[[ DATA PROVIDED open ]]

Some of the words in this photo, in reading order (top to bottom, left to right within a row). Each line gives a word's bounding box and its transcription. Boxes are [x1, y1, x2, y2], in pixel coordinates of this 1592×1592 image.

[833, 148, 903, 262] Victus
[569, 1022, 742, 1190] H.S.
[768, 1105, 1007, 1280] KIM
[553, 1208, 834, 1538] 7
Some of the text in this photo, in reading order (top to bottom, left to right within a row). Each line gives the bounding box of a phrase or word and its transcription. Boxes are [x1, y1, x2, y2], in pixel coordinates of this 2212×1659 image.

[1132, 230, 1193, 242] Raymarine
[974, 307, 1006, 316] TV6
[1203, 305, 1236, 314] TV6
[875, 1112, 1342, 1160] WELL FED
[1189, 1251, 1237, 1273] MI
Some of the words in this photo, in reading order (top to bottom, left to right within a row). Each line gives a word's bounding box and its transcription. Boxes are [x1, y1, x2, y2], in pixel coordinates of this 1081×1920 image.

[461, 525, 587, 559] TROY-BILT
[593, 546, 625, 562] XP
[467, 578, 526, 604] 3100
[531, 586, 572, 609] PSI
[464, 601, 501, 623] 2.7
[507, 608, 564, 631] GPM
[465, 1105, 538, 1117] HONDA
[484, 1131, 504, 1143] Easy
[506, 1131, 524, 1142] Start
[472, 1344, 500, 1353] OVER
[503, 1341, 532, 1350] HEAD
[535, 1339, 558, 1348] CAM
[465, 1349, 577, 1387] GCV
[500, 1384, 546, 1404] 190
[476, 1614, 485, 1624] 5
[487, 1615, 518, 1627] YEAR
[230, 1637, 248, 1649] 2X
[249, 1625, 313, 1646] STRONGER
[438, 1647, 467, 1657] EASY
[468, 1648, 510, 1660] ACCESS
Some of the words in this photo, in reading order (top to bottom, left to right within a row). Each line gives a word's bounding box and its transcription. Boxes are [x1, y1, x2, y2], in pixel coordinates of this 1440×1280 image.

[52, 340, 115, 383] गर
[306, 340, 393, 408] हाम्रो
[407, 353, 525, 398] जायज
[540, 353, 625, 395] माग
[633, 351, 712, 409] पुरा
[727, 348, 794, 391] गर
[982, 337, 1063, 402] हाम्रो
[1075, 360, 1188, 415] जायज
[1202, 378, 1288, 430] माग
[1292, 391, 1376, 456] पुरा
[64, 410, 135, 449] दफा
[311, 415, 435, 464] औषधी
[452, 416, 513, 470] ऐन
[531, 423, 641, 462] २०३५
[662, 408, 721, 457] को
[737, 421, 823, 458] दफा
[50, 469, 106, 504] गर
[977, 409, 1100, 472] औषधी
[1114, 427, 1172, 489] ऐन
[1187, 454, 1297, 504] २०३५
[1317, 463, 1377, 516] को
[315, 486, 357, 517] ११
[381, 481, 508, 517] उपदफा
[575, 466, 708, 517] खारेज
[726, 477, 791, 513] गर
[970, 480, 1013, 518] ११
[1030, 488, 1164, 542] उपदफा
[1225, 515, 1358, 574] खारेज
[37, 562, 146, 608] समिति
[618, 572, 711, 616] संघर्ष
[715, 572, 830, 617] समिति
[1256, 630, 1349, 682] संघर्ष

[[ DATA PROVIDED closed ]]

**WHAT YOU SHOULD DO**.
Nothing should be altered. Set down all the data again.

**SOLUTION TO THE PROBLEM**.
Some of the words in this photo, in reading order (top to bottom, left to right within a row). Each line gives a word's bounding box and its transcription. Boxes are [x1, y1, x2, y2], in pixel coordinates of this 1592×1592 image.

[833, 148, 903, 262] Victus
[569, 1022, 742, 1190] H.S.
[768, 1105, 1007, 1280] KIM
[553, 1208, 834, 1538] 7
Some of the text in this photo, in reading order (top to bottom, left to right within a row). Each line gives the bounding box of a phrase or word and its transcription. Boxes are [x1, y1, x2, y2], in pixel coordinates of this 2212×1659 image.

[1132, 230, 1193, 242] Raymarine
[974, 307, 1006, 316] TV6
[1203, 305, 1236, 314] TV6
[875, 1112, 1342, 1160] WELL FED
[1189, 1251, 1237, 1273] MI
Some of the words in this photo, in reading order (top to bottom, left to right within a row). Each line gives a word's bounding box and its transcription. Boxes are [x1, y1, x2, y2], in pixel coordinates of this 1081×1920 image.

[461, 525, 587, 559] TROY-BILT
[593, 546, 625, 562] XP
[467, 578, 526, 604] 3100
[531, 586, 572, 609] PSI
[464, 601, 501, 623] 2.7
[507, 608, 564, 631] GPM
[465, 1105, 538, 1117] HONDA
[484, 1131, 504, 1143] Easy
[506, 1131, 524, 1142] Start
[472, 1344, 500, 1353] OVER
[503, 1341, 532, 1350] HEAD
[535, 1339, 558, 1348] CAM
[465, 1349, 577, 1387] GCV
[500, 1384, 546, 1404] 190
[476, 1614, 485, 1624] 5
[487, 1615, 518, 1627] YEAR
[230, 1637, 248, 1649] 2X
[249, 1625, 313, 1646] STRONGER
[438, 1647, 467, 1657] EASY
[468, 1648, 510, 1660] ACCESS
Some of the words in this photo, in reading order (top to bottom, left to right within a row). Each line gives a word's bounding box and its transcription. Boxes are [x1, y1, x2, y2], in pixel coordinates of this 1440×1280 image.

[52, 340, 115, 383] गर
[306, 340, 393, 408] हाम्रो
[407, 353, 525, 398] जायज
[540, 353, 625, 395] माग
[633, 351, 712, 409] पुरा
[727, 348, 794, 391] गर
[982, 337, 1063, 402] हाम्रो
[1075, 360, 1188, 415] जायज
[1202, 378, 1288, 430] माग
[1292, 391, 1376, 456] पुरा
[64, 410, 135, 449] दफा
[311, 415, 435, 464] औषधी
[452, 416, 513, 470] ऐन
[531, 423, 641, 462] २०३५
[662, 408, 721, 457] को
[737, 421, 823, 458] दफा
[50, 469, 106, 504] गर
[977, 409, 1100, 472] औषधी
[1114, 427, 1172, 489] ऐन
[1187, 454, 1297, 504] २०३५
[1317, 463, 1377, 516] को
[315, 486, 357, 517] ११
[381, 481, 508, 517] उपदफा
[575, 466, 708, 517] खारेज
[726, 477, 791, 513] गर
[970, 480, 1013, 518] ११
[1030, 488, 1164, 542] उपदफा
[1225, 515, 1358, 574] खारेज
[37, 562, 146, 608] समिति
[618, 572, 711, 616] संघर्ष
[715, 572, 830, 617] समिति
[1256, 630, 1349, 682] संघर्ष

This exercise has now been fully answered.